Things to Read on the Afternoon of March 4, 2014

Must-Reads:

  1. Yonatan Ben-Shalom et al.: An Assessment of the Effectiveness of Anti-Poverty Programs in the United States: “We assess the effectiveness of means-tested and social insurance programs in the United States. We show that per capita expenditures on these programs as a whole have grown over time but expenditures on some programs have declined. The benefit system in the U.S. has a major impact on poverty rates, reducing the percent poor in 2004 from 29 percent to 13.5 percent, estimates which are robust to different measures of the poverty line. We find that, while there are significant behavioral side effects of many programs, their aggregate impact is very small and does not affect the magnitude of the aggregate poverty impact of the system. The system reduces poverty the most for the disabled and the elderly and least for several groups among the non-elderly and non-disabled. Over time, we find that expenditures have shifted toward the disabled and the elderly, and away from those with the lowest incomes and toward those with higher incomes, with the consequence that post-transfer rates of deep poverty for some groups have increased. We conclude that the U.S. benefit system is paternalistic and tilted toward the support of the employed and toward groups with special needs and perceived deservingness.”

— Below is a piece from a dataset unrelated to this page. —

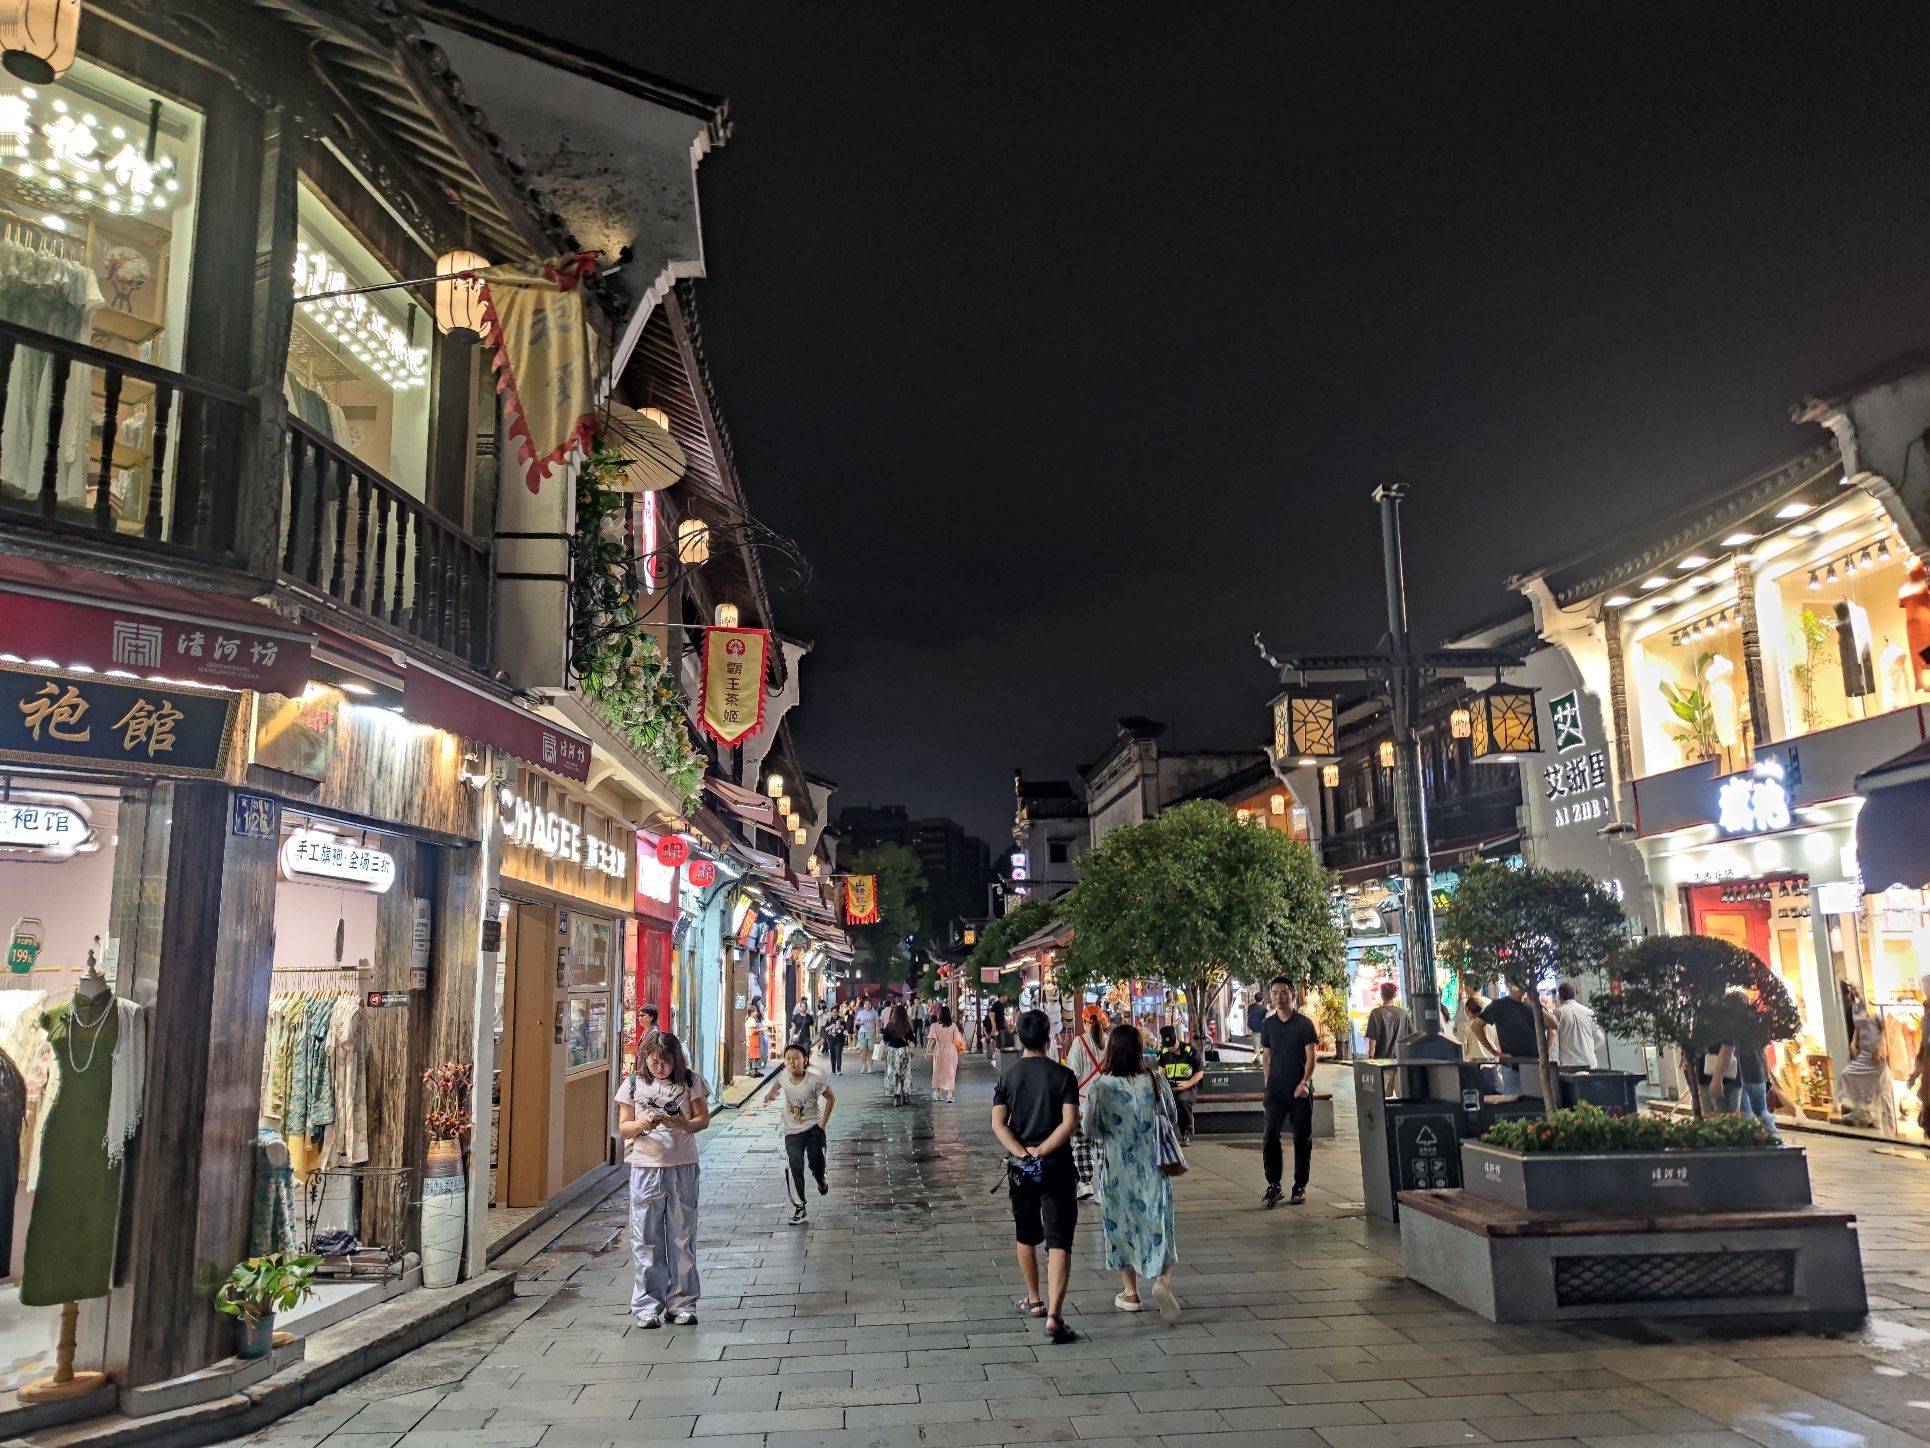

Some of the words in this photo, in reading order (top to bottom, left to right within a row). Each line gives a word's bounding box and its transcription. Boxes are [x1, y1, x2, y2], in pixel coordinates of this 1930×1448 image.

  2. Izabella Kaminska: Bitcoin: Magic: The Undercapitalised Gathering Online/a>: “Who’d have thought that there might be an incentive for operators in a totally unregulated market to take people’s assets and run? Or that self-regulation would be so lacking in a market that purposefully concocts information asymmetries that benefit money creators/the tech-savvy…. or that the Bitcoin system was only recreating and replicating all the bad incentives we know and love in our current system, which are now being curbed by intensified post-crisis regulation?”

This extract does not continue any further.